Nei commenti social si esulta per il malore della Merkel: ma c’è chi si ribella

di Francesco Collina | 27/06/2019

Merkel
  • Il nuovo malore di Angela Merkel ha scatenato i commenti più malevoli degli utenti dei social network

  • Diagnosi e fake news: nessuno sembra credere alla versione ufficiale, la ragione del malore è 'sicuramente' l'alcolismo

  • Fra i numerosi commenti c'è però chi non vuole adeguarsi e risponde a fake news e maldicenze

Angela Merkel continua a far parlare i social della sua malattia. Certo, di politica è difficile occuparsi, così gli affezionati utenti dei social network tendono tutti a fornire immediate analisi mediche inframezzate da offese alla salute della Cancelliera nella speranza che, come suggerisce Jvan, «Questa sia la volta buona». Così, grazie ai commentatori dei giornali on line, sappiamo per certo che Angela Merkel sia una alcolista o che probabilmente soffra di morbo di Parkinson e che non curi questa malattia degenerativa perché è una massona ammaliata dal potere conferitole da Soros e dal Nuovo Ordine Mondiale.

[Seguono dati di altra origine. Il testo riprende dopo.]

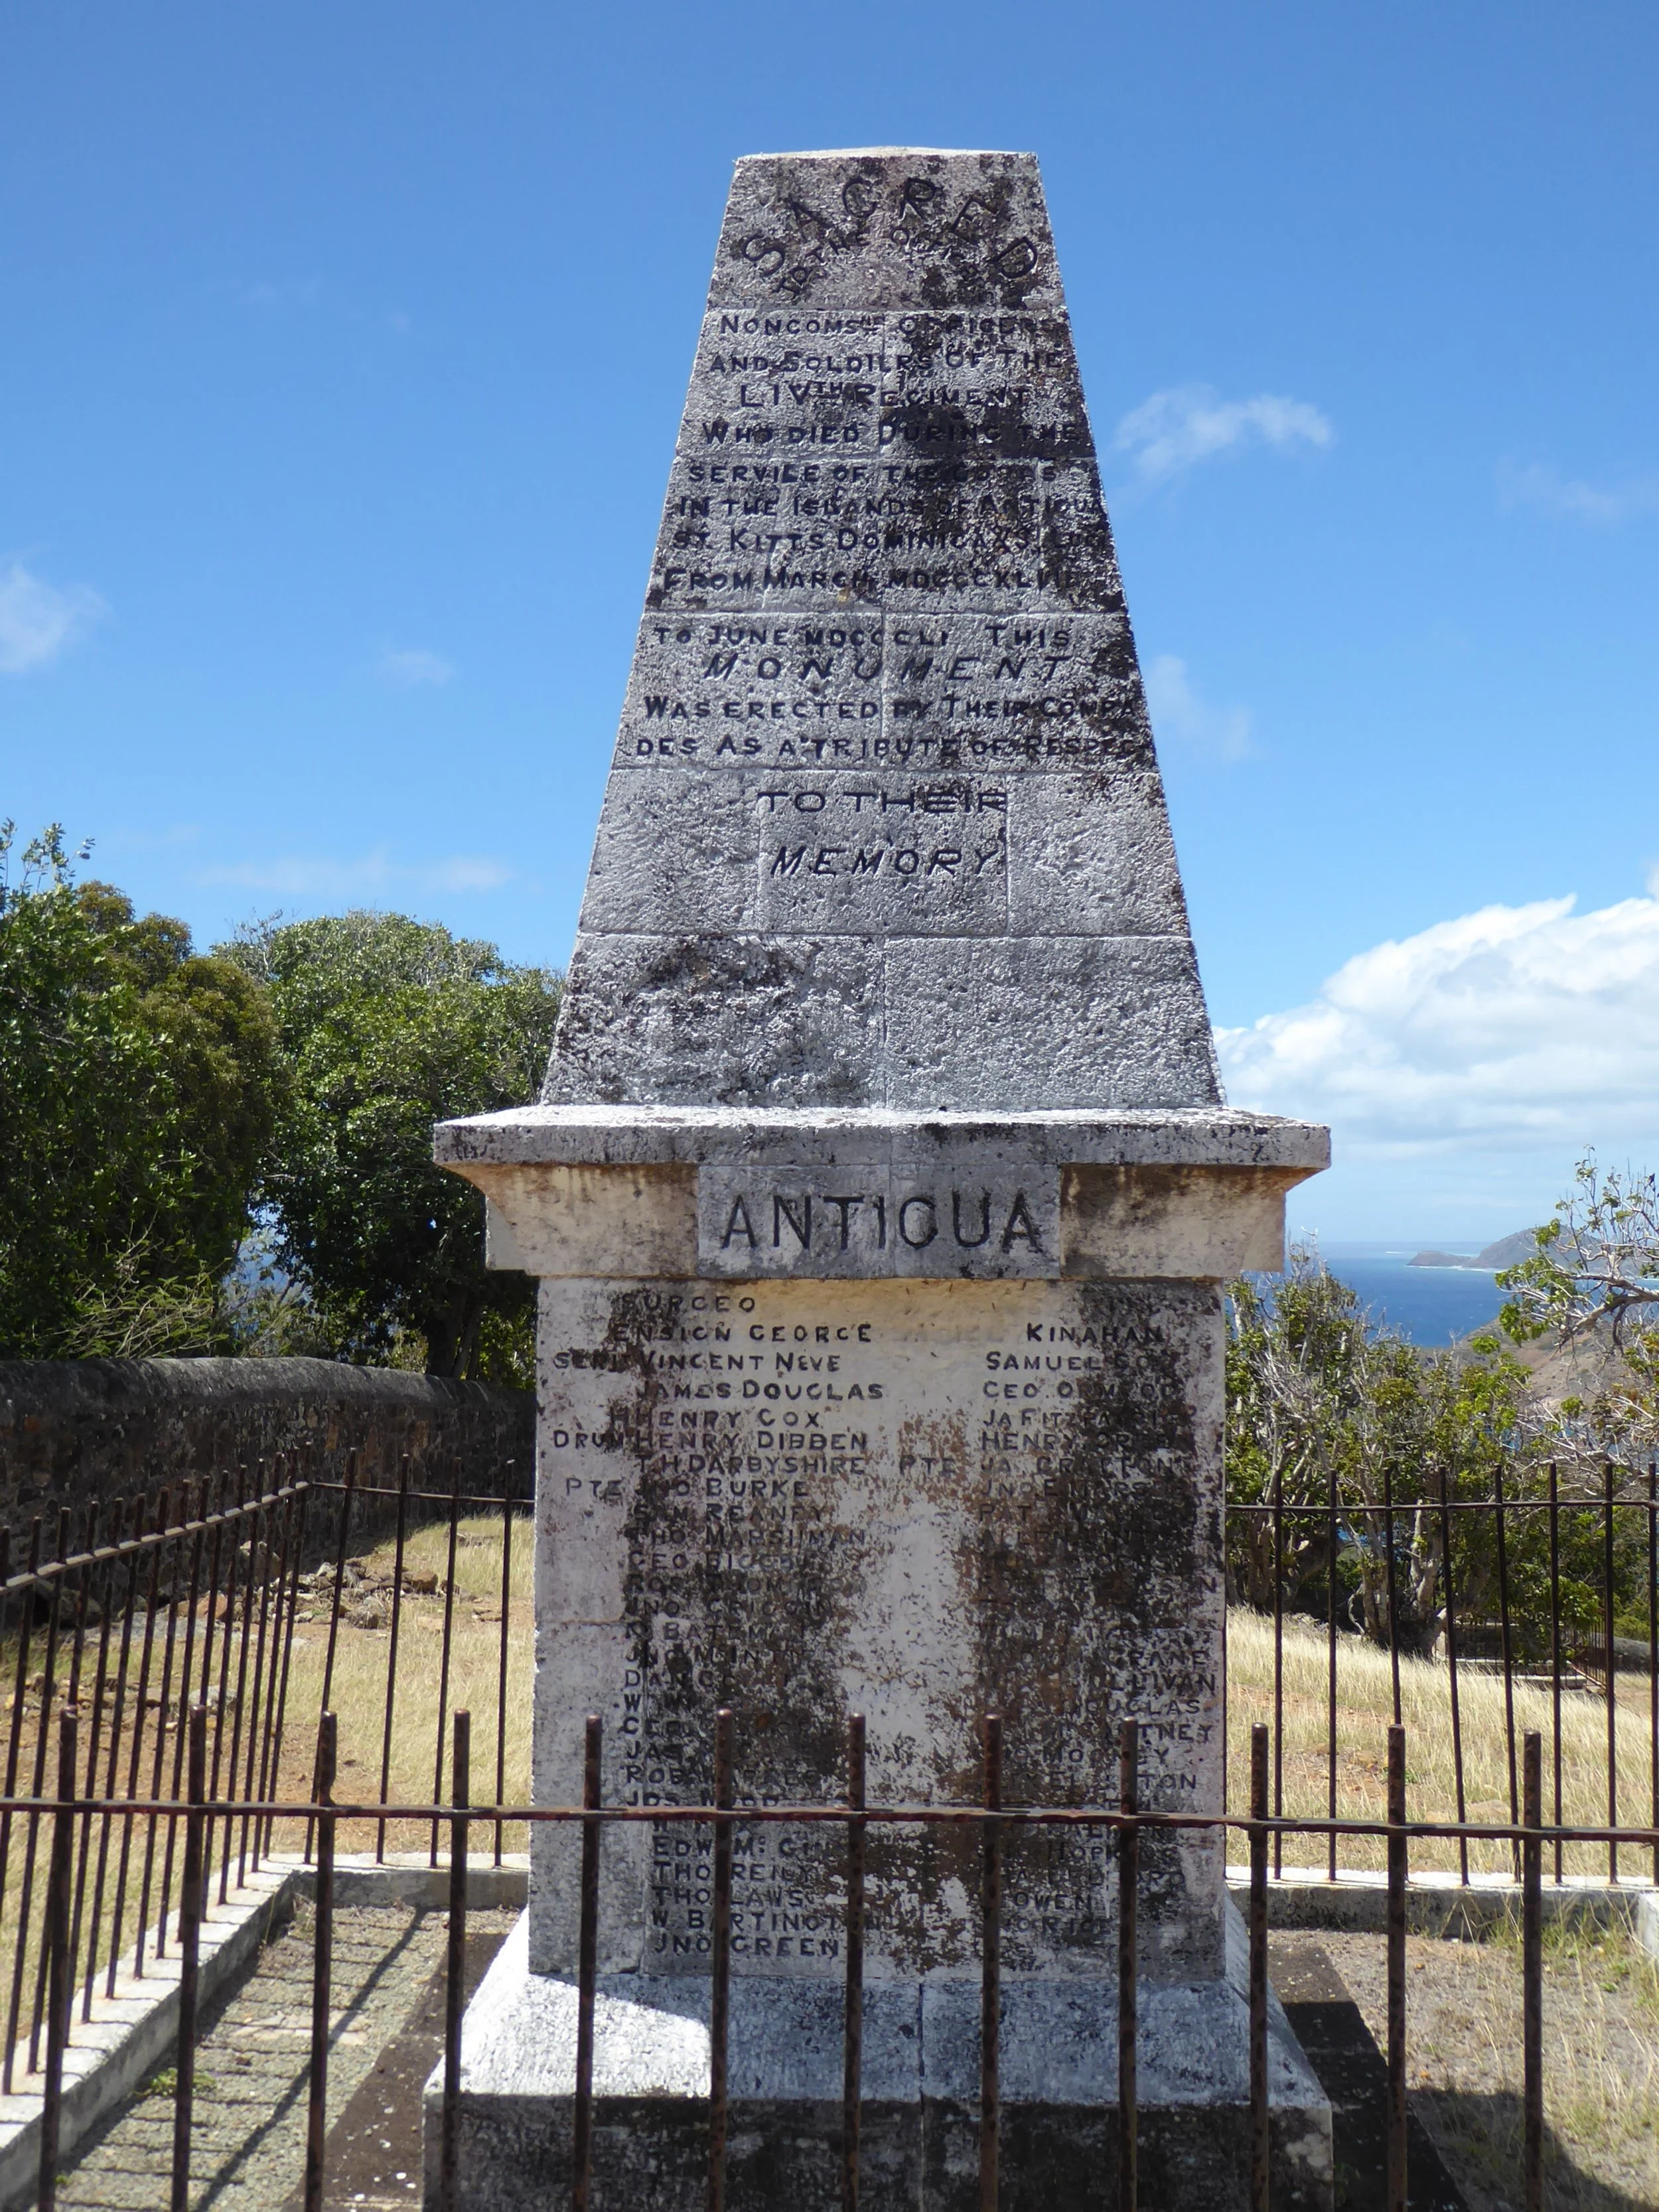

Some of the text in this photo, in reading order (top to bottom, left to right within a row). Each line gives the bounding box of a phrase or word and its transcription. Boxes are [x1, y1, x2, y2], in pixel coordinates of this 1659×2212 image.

Le diagnosi mediche degli utenti social: «La Merkel ha il Parkinson»

Certo, non è una novità, i commenti dei lettori dei giornali hanno molto spesso toni dal gusto veramente dubbio: da Matteo che sostiene che «Sono persone anche loro che devono sempre gestire situazioni di forte stress. Sempre meglio di qualche altro vizio, tipo alcolismo. A buon intenditor» si passa ai consigli enogastronomici di Adriana che suggerisce: «Dategli un po’ di vino italiano», per arrivare alla certezza  diagnostica di Filippo, degna di un medico con pluriennale esperienza sul campo, che pur sbagliando ortografia non ha dubbi: «Deliriom tremens, troppa birra evidentemente!».

Il paragone imbarazzante: «Angela è come Adolf: i dittatori tedeschi tremano»

Nei commenti dei social network però non ci si improvvisa solamente medici. Anche lo storico è una professione che va per la maggiore. Sempre leggendo le sicure fonti esclusive dei commentatori scopriamo che il tremolio di Angela Merkel non è così sconvolgente, in fondo ce l’aveva anche Hitler e sempre di tedeschi parliamo. Lo precisa Fabrizio «H. Adolf ebbe gli stessi problemi di saluti… Lui usava le armi per conquistare l’Europa, lei l’euro…» trovando concorde numerosi altri commentatori, come Roberto che specifica: «Anche Adolfo tremava evidentemente deve essere una caratteristica dei dittatori germanici».

Molti lettori si ribellano: link ed ironia per combattere le fake news

In questa piazza telematica piena di urla e notizie non verificate date per certe c’è però chi si è stancato e – stanco di questa abitudine di commentare senza leggere l’articolo o senza informarsi con serietà – non ha intenzione di rassegnarsi e commenta. Ai lettori che “informano” gli altri utenti dando per certo l’alcolismo di Merkel e Junker c’è chi linka la notizia che si tratti di una bufala nel tentativo (talvolta spesso vano) di smentire una menzogna politica che continua ad essere alimentata dalla stampa e dai social “sovranisti” interessati a distruggere la reputazione degli avversari politici. Anche l’arma dell’ironia sembra funzionare. Così a Marc David che commenta «È venuto il momento di andare in pensione, anche i massoni hanno bisogno di riposo» risponde Marcello che, piuttosto che analizzare i ‘contenuti’ del commento si limita a prendersene beffe con l’arma dell’ironia: «Se no poi si surriscaldano, esplodono e producono scie chimiche e vaccini nocivi».

Come era facile aspettarsi i leoni da tastiera e i sovranisti da salotto televisivo, si son lanciati in offese e maledizioni verso il loro arcinemico, Angela Merkel. Più imprevedibile è stata la risposta di tanti altri utenti che, magari senza appoggiare le idee della Merkel in campo economico ed europeo, hanno fortemente criticato i commenti meno appropriati. I social vengono spesso accusati di dare voci a “legioni di imbecilli” che diffondono fake news e notizie non verificate che aumentano odio e politiche repressive: spesso però è proprio attraverso questi stessi social che queste opinioni vengono rese prive di forza comunicativa.